Thread: Implementing RLE

  1. #1
    and the hat of copycat stevesmithx's Avatar
    Join Date
    Sep 2007
    Posts
    587

    Implementing RLE

    Hi all,
    I implemented RLE using Turbo C.
    However there are a few limitations with the code.
    It compresses 256-bit color images and monochrome bitmap images well.
    However fails with most other bmp files.
    Is this normal?
    Also please give suggestions about the code.
    Code:
    #include <stdio.h>
    #include <conio.h>
    #include <string.h>
    #include <stdlib.h>
    int main(void){
    	FILE *fp,*fq,*fr;
    	unsigned long int t1,t2,i=1,t;
    	int repeat;
    	char fname[30],fname1[30],str[10]="",choice;
    	while(1){
    		clrscr();
    		fflush(stdin);
    		printf("Do you want to Compress or Decompress[C/D]\n");
    		scanf("%c",&choice);
    		switch(choice){
    		case 'C':
    			printf("Enter the name of the file to be compressed\n");
    			scanf("%s",fname);
    			fp=fopen(fname,"rb");
    			printf("Enter the name of the output file\n");
    			scanf("%s",fname1);
    			fq=fopen(fname1,"wb");
    			t1=fgetc(fp);
    			t2=t1;
    			while((t2=fgetc(fp))!=EOF){
    				if(t1==t2){
    					i++;
    				}
    				else{
    					fputc((char)t1,fq);
    					fprintf(fq,"%d",i);
    					fputc('#',fq);
    					i=1;
    					t1=t2;
    				}
    			}
    			fputc((char)t1,fq);
    			fprintf(fq,"%d",i);
    			fputc('#',fq);
    			fseek(fp,0,SEEK_END);
    			fseek(fq,0,SEEK_END);
    			printf("\nFile Compression Succesful\n");
    			printf("\nSize of original file(%s) is %ld bytes\n",fname,ftell(fp));
    			printf("\nSize of Compressed file(%s) is %ld bytes\n",fname1,ftell(fq));
    			fclose(fp);
    			fclose(fq);
    			getch();
    			break;
    		case 'D':
    			printf("Enter the name of the compressed file\n");
    			scanf("%s",fname);
    			printf("Enter the name of the output file\n");
    			scanf("%s",fname1);
    			fp=fopen(fname,"rb");
    			fr=fopen(fname1,"wb");
    			while((t2=fgetc(fp))!=EOF){
    				i=0;
    				while((t1=getc(fp))!='#'){
    					str[i]=t1;
    					i++;
    				}
    				str[i]='\0';
    				repeat=atoi(str);
    				for(i=1;i<=repeat;i++){
    					fprintf(fr,"%c",t2);
    				}
    			}
    			fseek(fp,0,SEEK_END);
    			fseek(fr,0,SEEK_END);
    			printf("\nFile Decompression Succesful\n");
    			printf("\nSize of Compressed file(%s) is %ld bytes\n",fname,ftell(fp));
    			printf("\nSize of Decompressed file(%s) is %ld bytes\n",fname1,ftell(fr));
    			fclose(fp);
    			fclose(fr);
    			getch();
    			break;
    		default:
    			exit(0);
    		}
    	}
    	getch();
    	return 0;
    }
    Thanks in advance.
    Not everything that can be counted counts, and not everything that counts can be counted
    - Albert Einstein.


    No programming language is perfect.
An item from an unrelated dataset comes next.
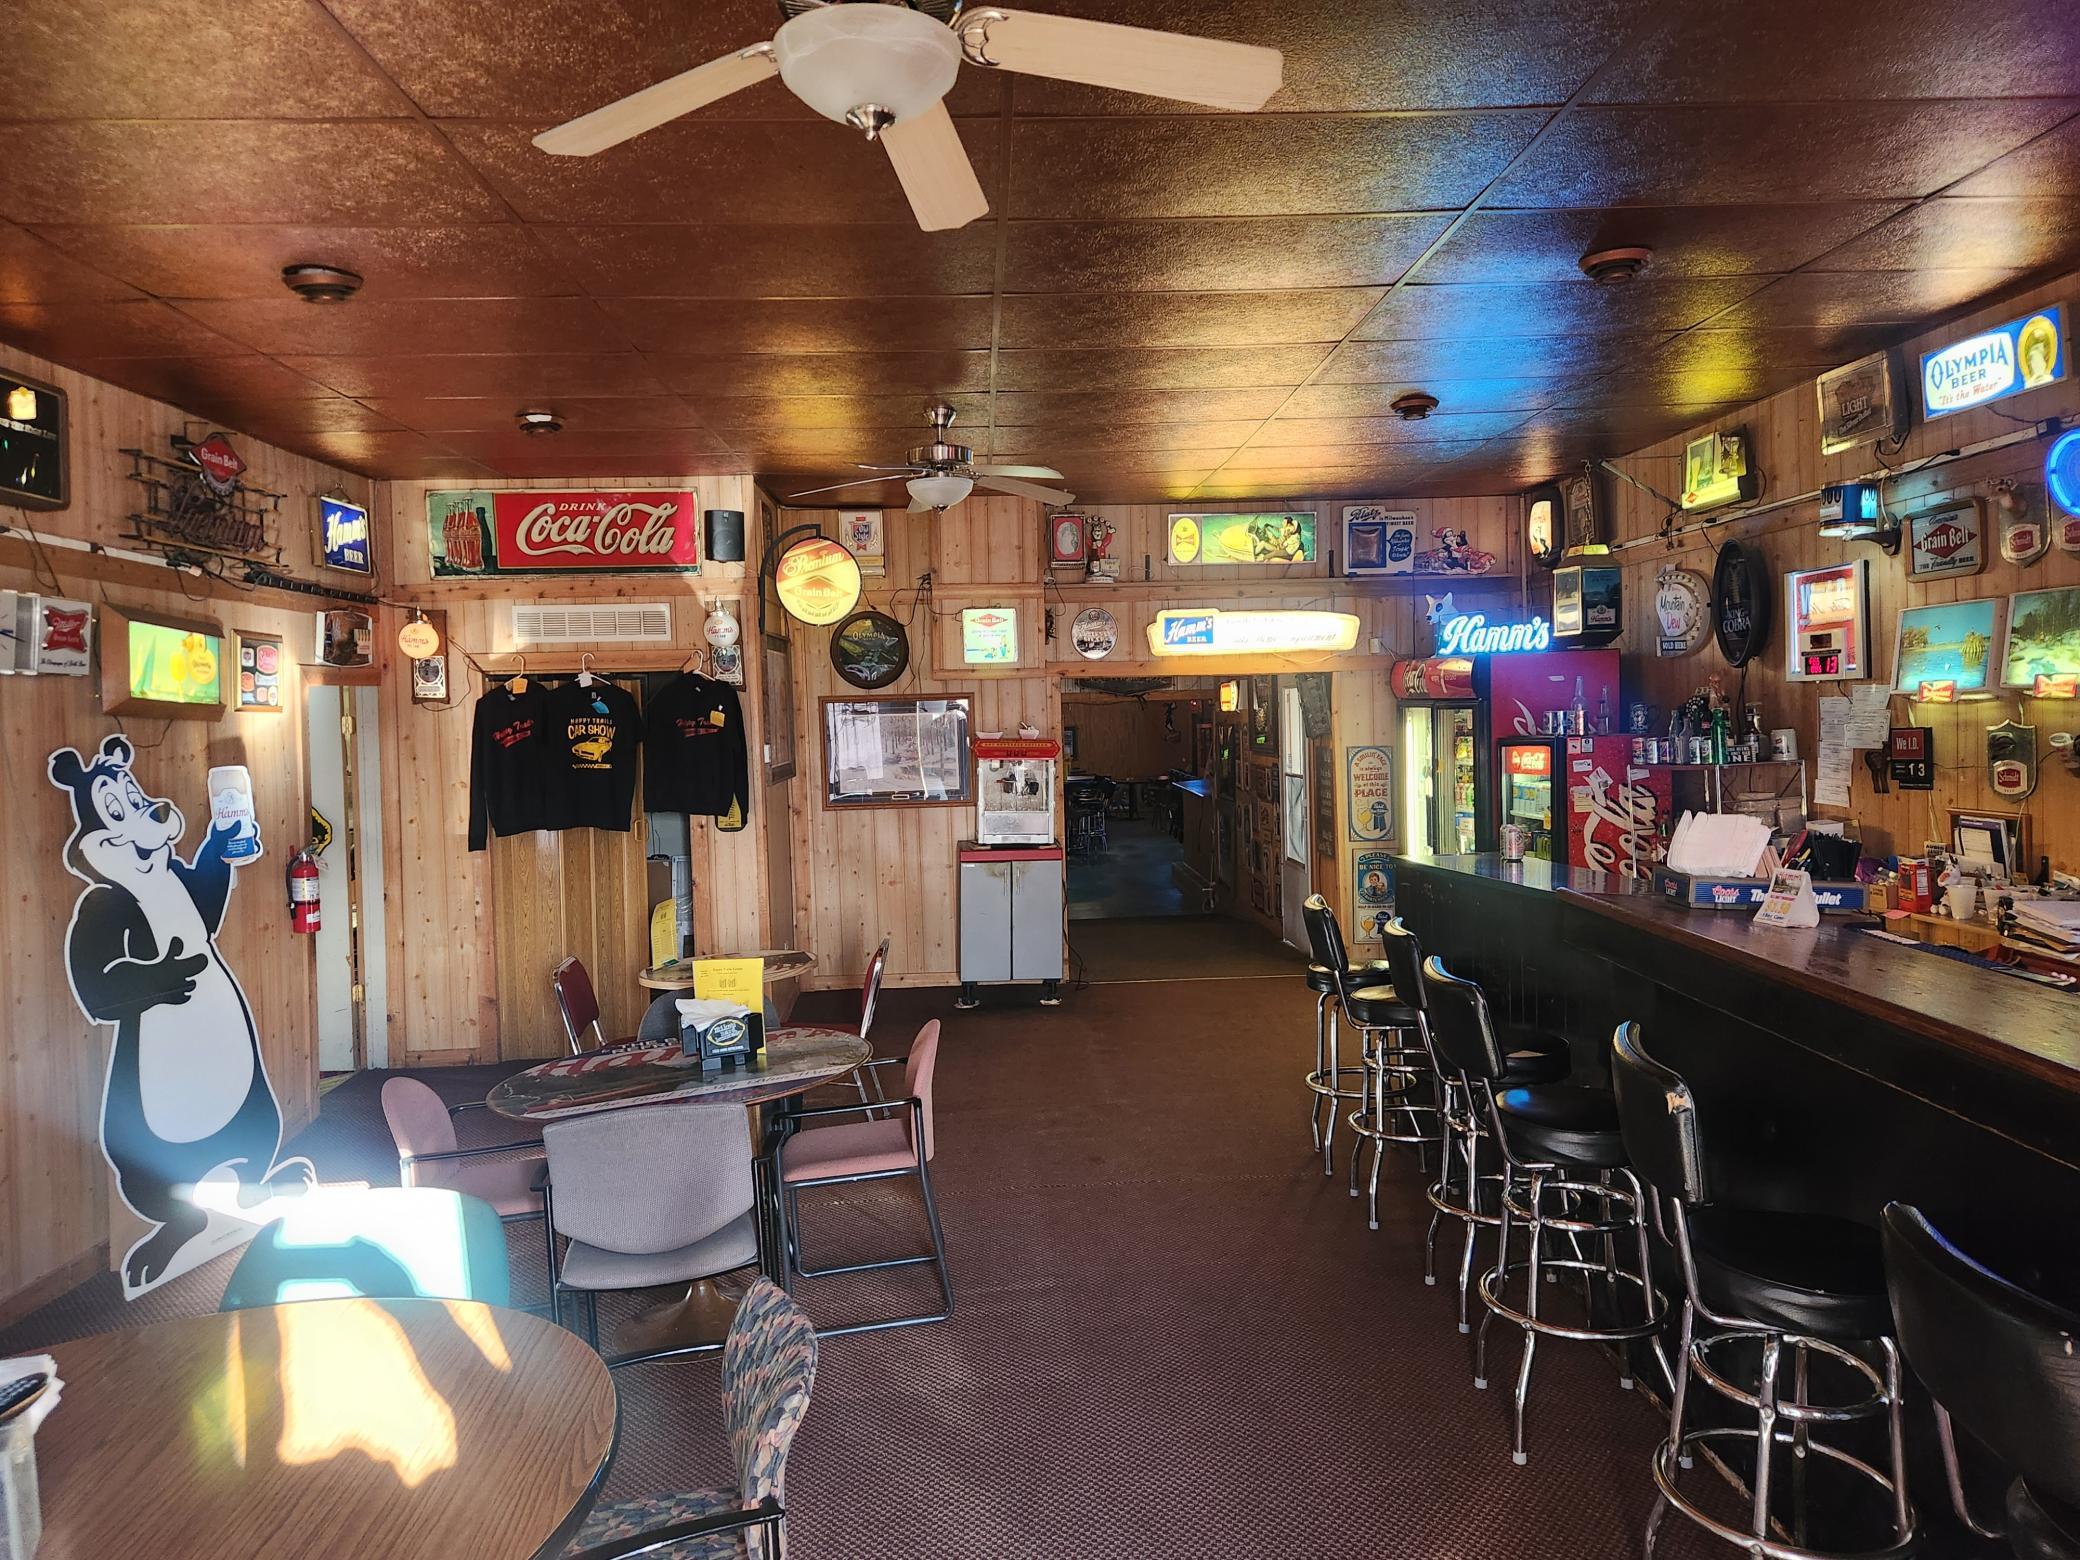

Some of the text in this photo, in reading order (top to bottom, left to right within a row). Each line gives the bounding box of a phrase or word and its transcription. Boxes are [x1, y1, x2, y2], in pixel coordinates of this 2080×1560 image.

There is not even a single best language; there are only languages well suited or perhaps poorly suited for particular purposes.
    - Herbert Mayer

  2. #2
    Kernel hacker
    Join Date
    Jul 2007
    Location
    Farncombe, Surrey, England
    Posts
    15,677
    Describe "fails" - does it crash, or is it just not compressing very well?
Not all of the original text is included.